Without including the images, transcribe each record precisely as it appears below.
########################################
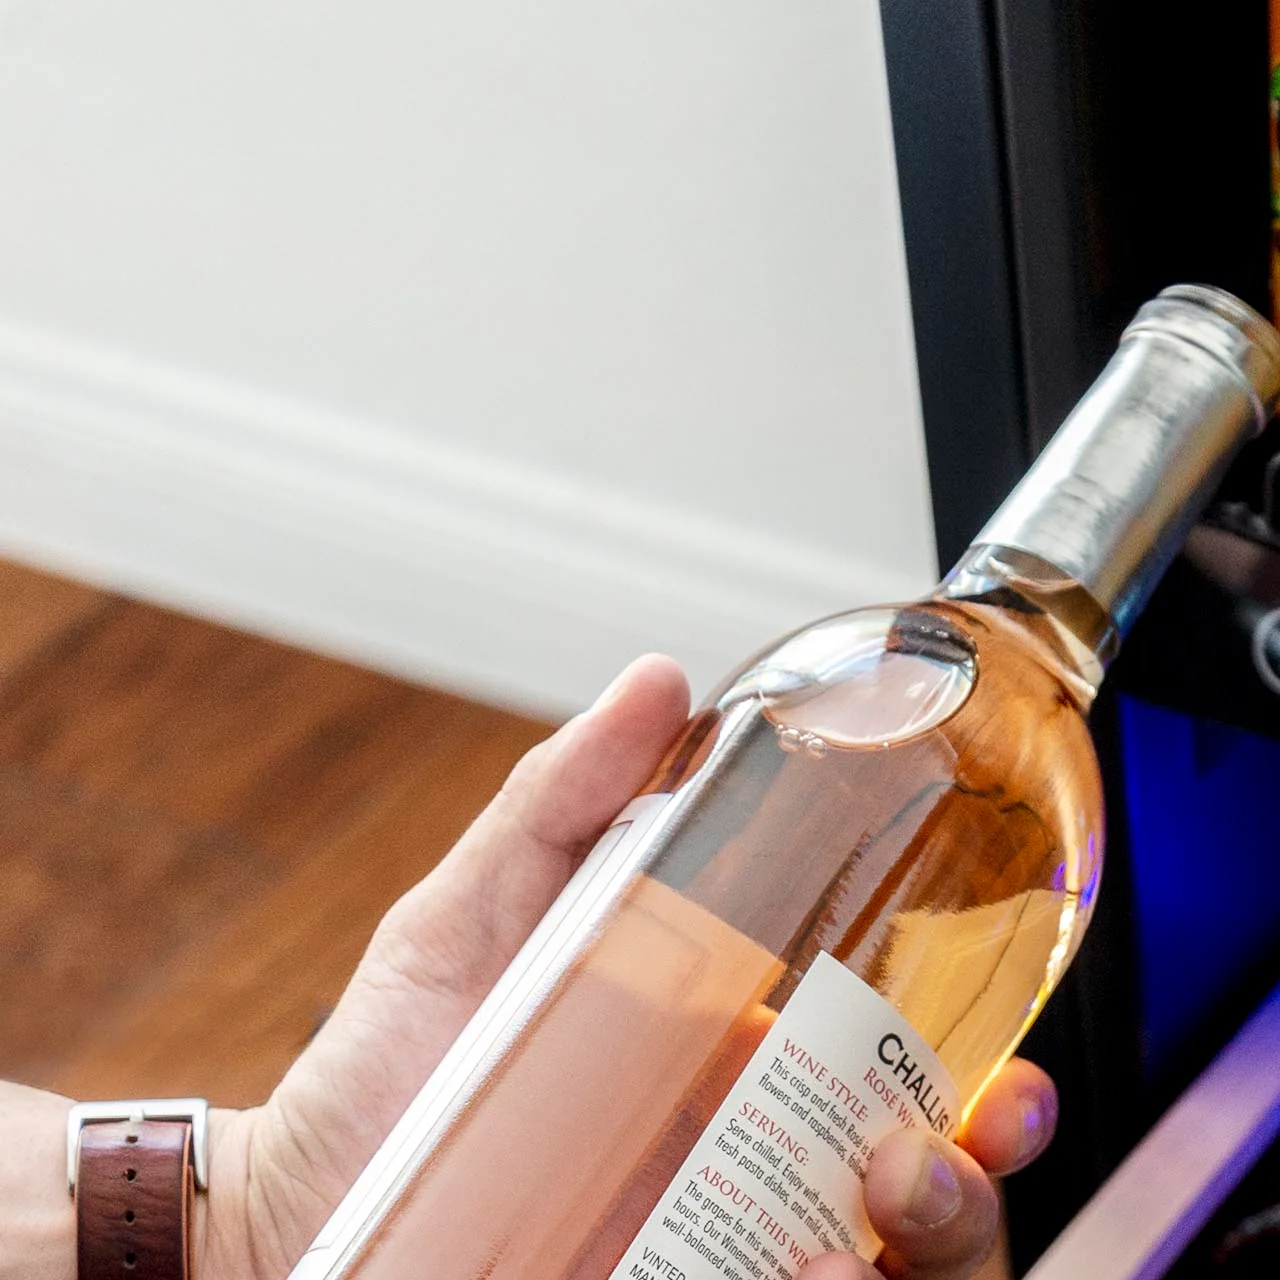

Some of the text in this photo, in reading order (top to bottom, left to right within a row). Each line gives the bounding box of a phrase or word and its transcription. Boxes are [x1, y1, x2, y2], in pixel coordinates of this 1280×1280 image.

[758, 1073, 792, 1106] flowers
[790, 1102, 811, 1120] and
[807, 1116, 848, 1161] raspberries,
[769, 1057, 791, 1080] This
[789, 1076, 811, 1098] crisp
[810, 1093, 831, 1112] and
[826, 1104, 848, 1131] fresh
[844, 1123, 866, 1148] Rosé
[782, 1038, 868, 1122] WINE STYLE:
[863, 1066, 900, 1109] ROSÉ
[877, 1033, 951, 1136] CHALLIS
[714, 1133, 740, 1159] fresh
[736, 1155, 765, 1180] pasta
[763, 1175, 790, 1206] dishes,
[790, 1202, 808, 1219] and
[725, 1118, 752, 1145] Serve
[751, 1139, 784, 1170] chilled.
[781, 1163, 805, 1192] Enjoy
[802, 1185, 820, 1205] with
[738, 1101, 809, 1166] SERVING:
[662, 1215, 727, 1269] well-balanced
[672, 1196, 701, 1226] hours.
[703, 1220, 721, 1240] Our
[720, 1233, 764, 1280] Winemaker
[684, 1179, 703, 1201] The
[701, 1198, 733, 1226] grapes
[732, 1218, 747, 1237] for
[744, 1231, 762, 1251] this
[759, 1246, 779, 1268] wine
[696, 1165, 809, 1269] ABOUT THIS WIN
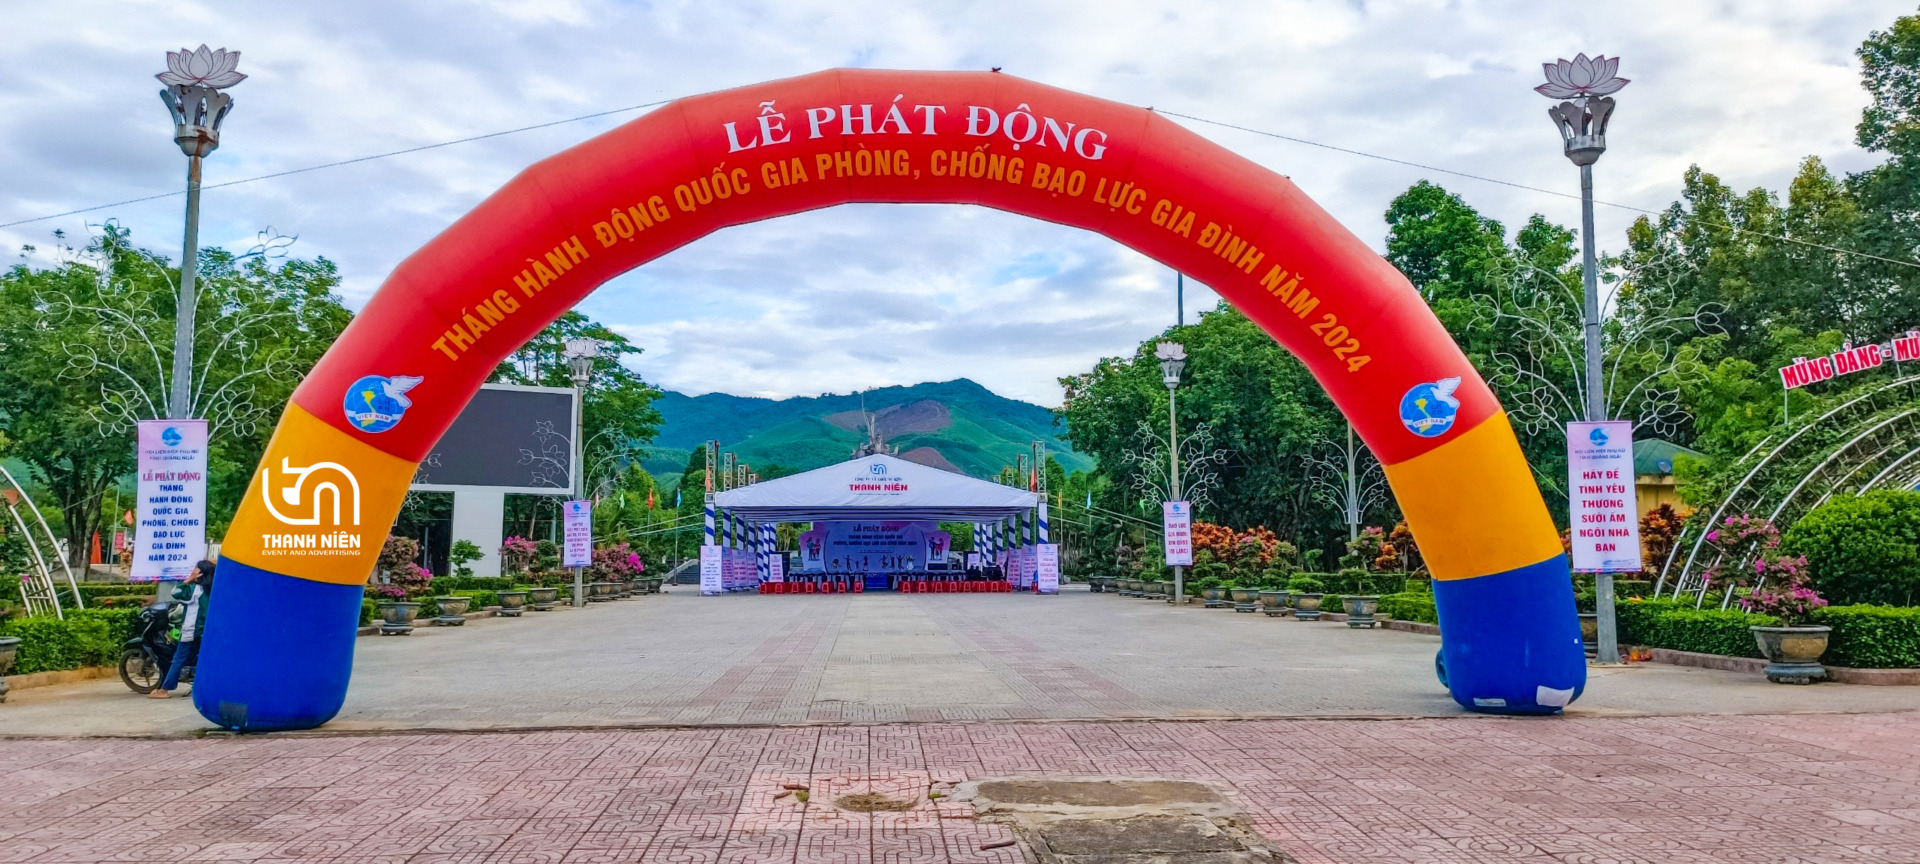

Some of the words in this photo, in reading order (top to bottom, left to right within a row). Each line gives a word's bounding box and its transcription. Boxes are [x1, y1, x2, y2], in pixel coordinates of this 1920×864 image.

[722, 99, 792, 153] LỄ
[806, 93, 947, 139] PHÁT
[964, 102, 1108, 160] ĐỘNG
[431, 288, 521, 362] THÁNG
[512, 235, 591, 298] HÀNH
[592, 195, 671, 249] ĐỘNG
[673, 161, 751, 213] QUỐC
[760, 157, 810, 189] GIA
[815, 143, 921, 180] PHÒNG,
[930, 143, 1025, 185] CHỐNG
[1031, 163, 1086, 198] BẠO
[1093, 176, 1147, 215] LỰC
[1150, 198, 1197, 239] GIA
[1196, 221, 1265, 274] ĐÌNH
[1259, 264, 1321, 319] NĂM
[1310, 313, 1372, 373] 2024
[1780, 357, 1833, 389] MỪNG
[1834, 342, 1882, 376] ĐẢNG
[1606, 482, 1625, 493] YÊU
[168, 553, 187, 561] 2024
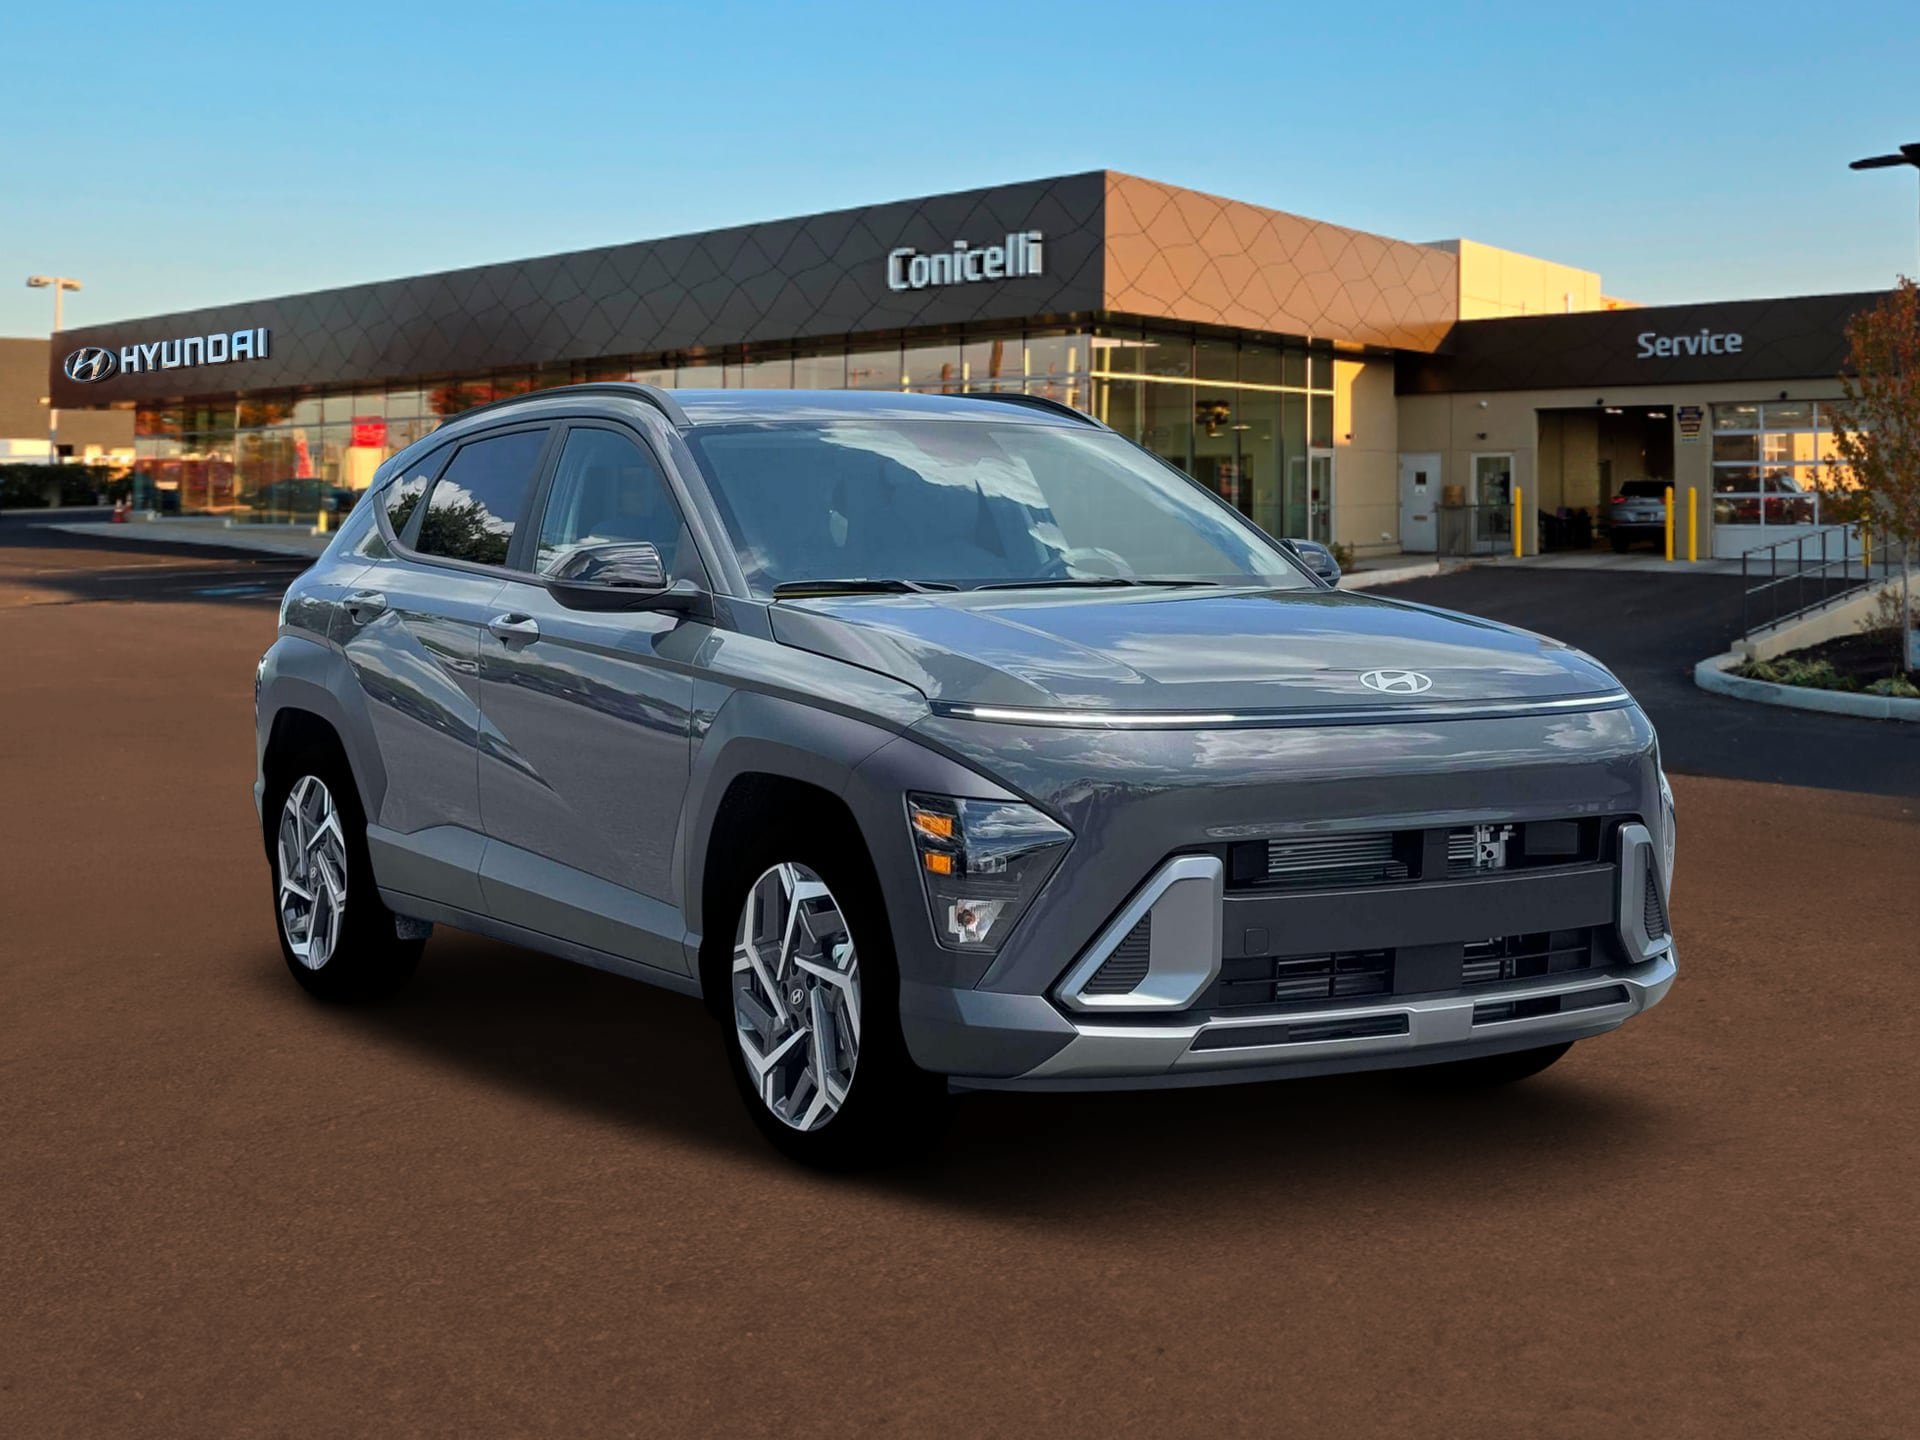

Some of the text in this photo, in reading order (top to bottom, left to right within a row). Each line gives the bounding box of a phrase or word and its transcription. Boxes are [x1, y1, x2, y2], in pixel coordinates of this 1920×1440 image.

[888, 231, 1042, 290] Conicelli
[121, 328, 268, 373] HYUNDAI
[1637, 328, 1742, 358] Service
########################################
**SOLUTION FOR THIS TASK**:
Some of the text in this photo, in reading order (top to bottom, left to right within a row). Each line gives the bounding box of a phrase or word and its transcription. Boxes are [x1, y1, x2, y2], in pixel coordinates of this 1280×1280 image.

[758, 1073, 792, 1106] flowers
[790, 1102, 811, 1120] and
[807, 1116, 848, 1161] raspberries,
[769, 1057, 791, 1080] This
[789, 1076, 811, 1098] crisp
[810, 1093, 831, 1112] and
[826, 1104, 848, 1131] fresh
[844, 1123, 866, 1148] Rosé
[782, 1038, 868, 1122] WINE STYLE:
[863, 1066, 900, 1109] ROSÉ
[877, 1033, 951, 1136] CHALLIS
[714, 1133, 740, 1159] fresh
[736, 1155, 765, 1180] pasta
[763, 1175, 790, 1206] dishes,
[790, 1202, 808, 1219] and
[725, 1118, 752, 1145] Serve
[751, 1139, 784, 1170] chilled.
[781, 1163, 805, 1192] Enjoy
[802, 1185, 820, 1205] with
[738, 1101, 809, 1166] SERVING:
[662, 1215, 727, 1269] well-balanced
[672, 1196, 701, 1226] hours.
[703, 1220, 721, 1240] Our
[720, 1233, 764, 1280] Winemaker
[684, 1179, 703, 1201] The
[701, 1198, 733, 1226] grapes
[732, 1218, 747, 1237] for
[744, 1231, 762, 1251] this
[759, 1246, 779, 1268] wine
[696, 1165, 809, 1269] ABOUT THIS WIN

Some of the words in this photo, in reading order (top to bottom, left to right within a row). Each line gives a word's bounding box and its transcription. Boxes are [x1, y1, x2, y2], in pixel coordinates of this 1920×864 image.

[722, 99, 792, 153] LỄ
[806, 93, 947, 139] PHÁT
[964, 102, 1108, 160] ĐỘNG
[431, 288, 521, 362] THÁNG
[512, 235, 591, 298] HÀNH
[592, 195, 671, 249] ĐỘNG
[673, 161, 751, 213] QUỐC
[760, 157, 810, 189] GIA
[815, 143, 921, 180] PHÒNG,
[930, 143, 1025, 185] CHỐNG
[1031, 163, 1086, 198] BẠO
[1093, 176, 1147, 215] LỰC
[1150, 198, 1197, 239] GIA
[1196, 221, 1265, 274] ĐÌNH
[1259, 264, 1321, 319] NĂM
[1310, 313, 1372, 373] 2024
[1780, 357, 1833, 389] MỪNG
[1834, 342, 1882, 376] ĐẢNG
[1606, 482, 1625, 493] YÊU
[168, 553, 187, 561] 2024

Some of the text in this photo, in reading order (top to bottom, left to right within a row). Each line gives the bounding box of a phrase or word and its transcription. Boxes are [x1, y1, x2, y2], in pixel coordinates of this 1920×1440 image.

[888, 231, 1042, 290] Conicelli
[121, 328, 268, 373] HYUNDAI
[1637, 328, 1742, 358] Service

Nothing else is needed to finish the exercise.